Le point clé le plus important est que sous quelque forme que se manifeste notre propre karma, il faut y reconnaître ses propres manifestations, son propre esprit. Dans le Livre des Morts tibétains il est dit : « Toutes ces choses ne sont que des apparences nées de mon esprit. Désormais elles sont pour moi semblables à un rêve, à une illusion magique, un mirage, un écho, un reflet, celui sans substance de la lune dans l’eau. »

Par la pratique des mantras, des mudras, de la visualisation des mandalas, il s’agit de se libérer des imprégnations karmiques et de passer

de :

« Les êtres qui comme moi sont affligés par leur karma

Sont sous l’influence immémoriale de leurs constructions imaginaires

Et demeurent dans le cycle des existences des trois mondes sans espoir de délivrance »

à :

« La nature de l’esprit est le vaste ciel de l’espace de la réalité

Où les choses sont la claire lumière originelle parfaitement pure. »

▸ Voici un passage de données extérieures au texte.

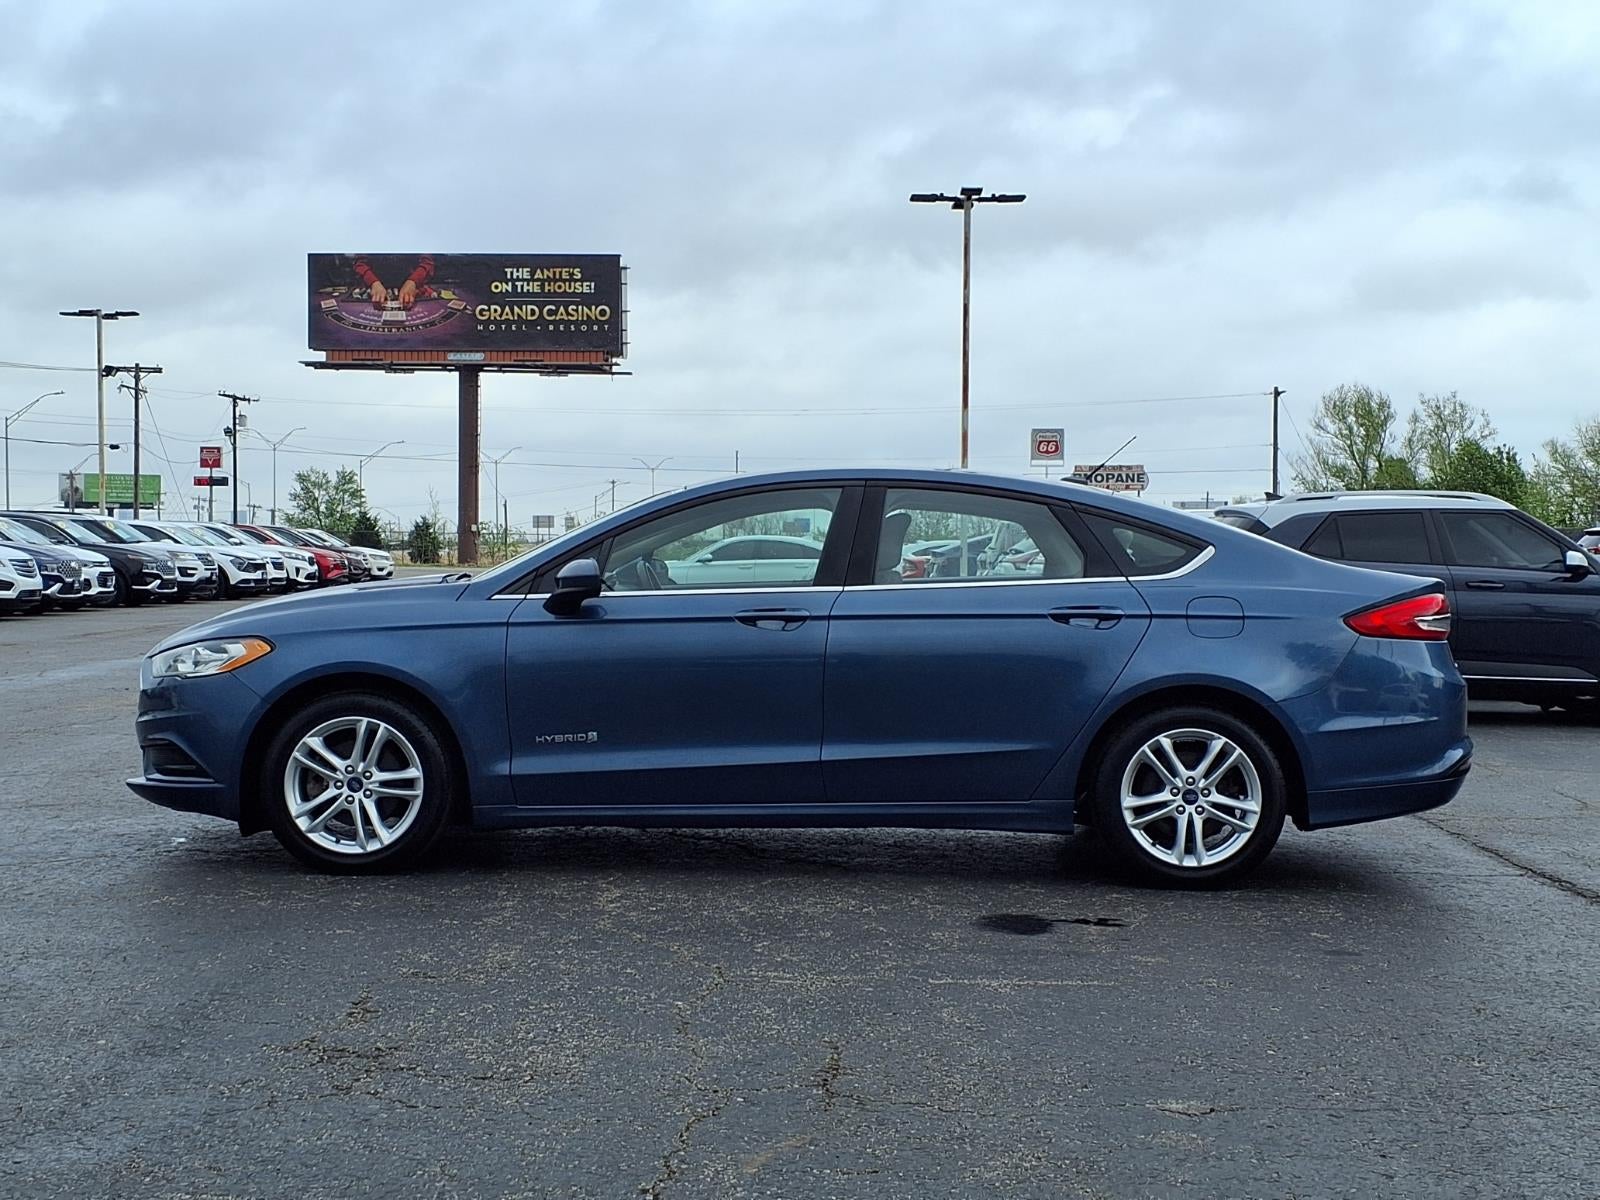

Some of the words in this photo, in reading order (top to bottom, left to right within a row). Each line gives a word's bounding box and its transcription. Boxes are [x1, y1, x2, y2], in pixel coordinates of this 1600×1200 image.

[505, 268, 531, 279] THE
[534, 268, 582, 279] ANTE'S
[491, 282, 512, 293] ON
[515, 282, 541, 293] THE
[544, 282, 595, 293] HOUSE!
[475, 304, 540, 320] GRAND
[542, 304, 611, 321] CASINO
[1039, 441, 1057, 452] 66
[535, 733, 587, 743] HYBRID
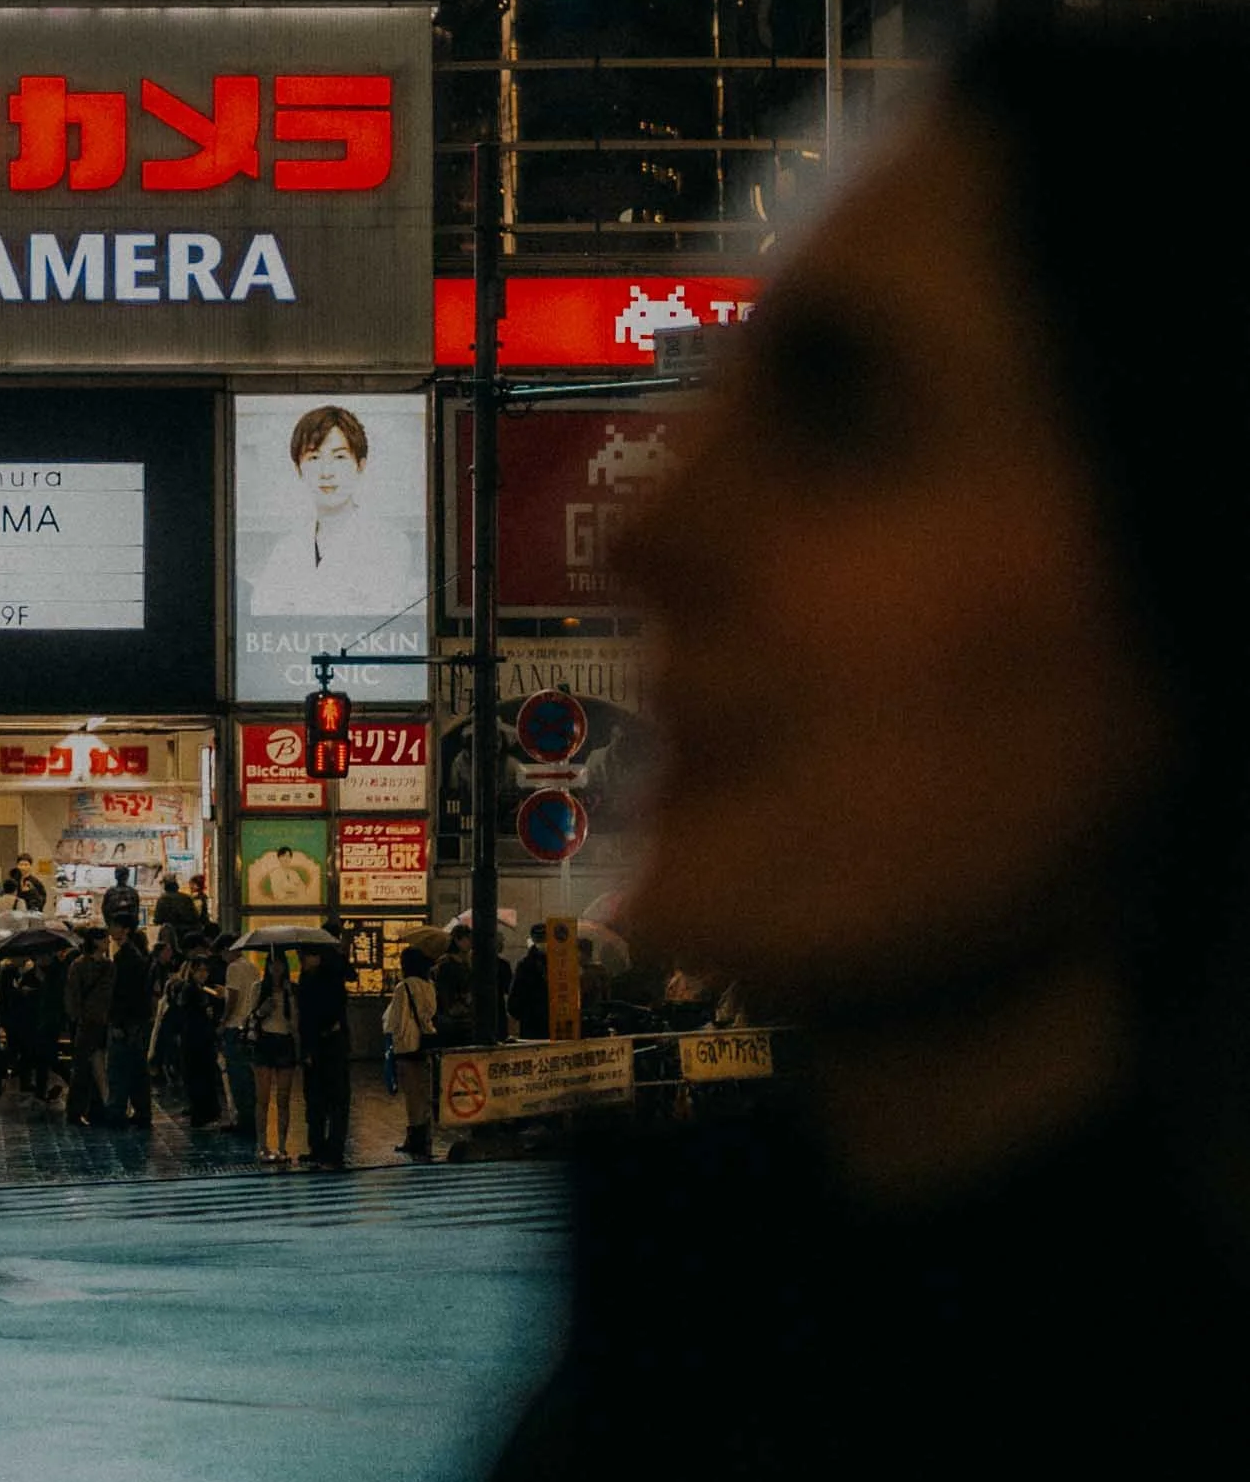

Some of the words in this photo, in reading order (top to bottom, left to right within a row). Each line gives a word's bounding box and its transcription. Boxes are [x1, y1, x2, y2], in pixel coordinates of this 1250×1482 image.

[0, 606, 30, 627] 9F
[245, 632, 353, 655] BEAUTY
[357, 632, 419, 654] SKIN
[284, 663, 382, 687] CLNIC
[391, 851, 421, 869] OK

La famille du Tathagata, famille Bouddha

Voir la Figure 4.

Du côté courroucé c’est :

  • L’ignorance (l’un des 3 poisons), la stupidité
  • L’inertie, l’immobilisme, l’indécision
  • Un certain orgueil de son pseudo-éveil

Du côté paisible :

  • La sagesse, le domaine du Dharma, la vacuité
  • La concentration
  • La contemplation, la méditation

Ces deux côtés sont comme l’endroit et l’envers, comme la lumière et l’ombre. La caractéristique d’un Bouddha réalisé est d’enseigner, son mudra est donc le mudra de l’enseignement.

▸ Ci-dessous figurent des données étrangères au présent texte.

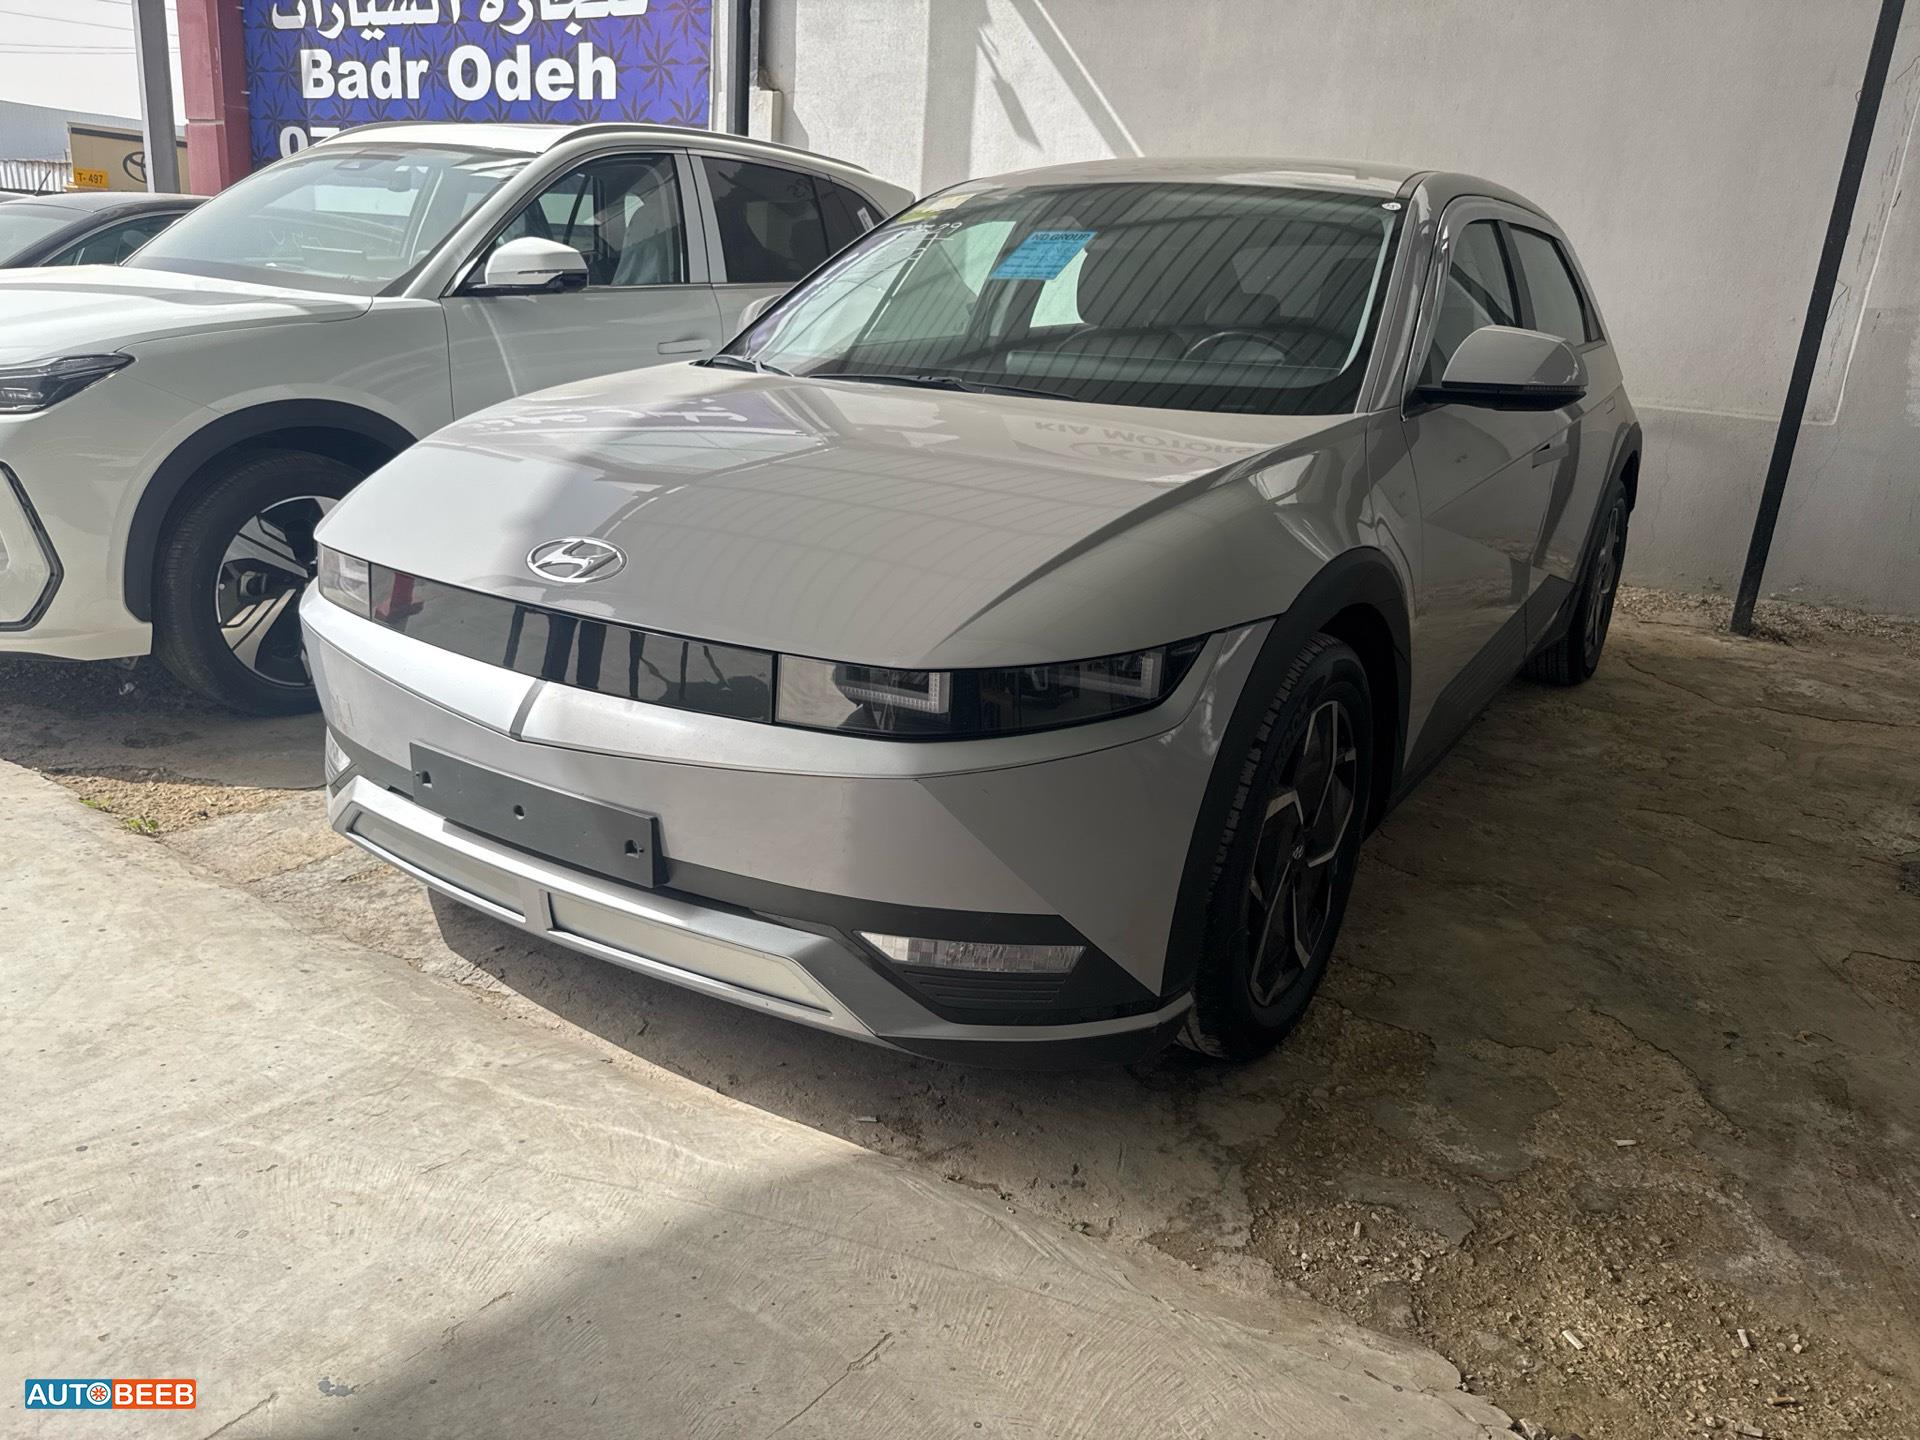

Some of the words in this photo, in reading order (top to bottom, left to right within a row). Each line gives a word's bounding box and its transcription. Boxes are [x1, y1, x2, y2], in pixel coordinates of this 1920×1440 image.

[300, 48, 428, 100] Badr
[447, 42, 617, 101] Odeh
[280, 125, 340, 158] 0

L’animal est le lion, car un Bouddha proclame sans peur, la Vérité ou la Réalité, comme le rugissement du lion.

Le nom de son épouse, sa Dakini veut dire « La dame souveraine de la sphère de l’infini. » Si on se souvient que Vairocana est le soleil (l’amour), elle représente l’espace infini à travers lequel passent les rayons du soleil. Ils représentent la totalité du monde phénoménal.

Quelques exemples :

« Je cherche pas à comprendre, mon zazen me suffit. Il ne faut rien me demander de plus » A la place de faire preuve d’une concentration et d’une réflexion profonde propice à l’ouverture de la sagesse et à la réalisation de l’éveil. On entend des fois se dévoiler une telle attitude dans la pratique du zen, immobilisme, inertie, en fait protection de son propre cocon tout en déclarant de façon hypocrite que pour soi seul zazen est important. Au contraire il faut profiter de tout pour développer sa sagesse et sa compassion.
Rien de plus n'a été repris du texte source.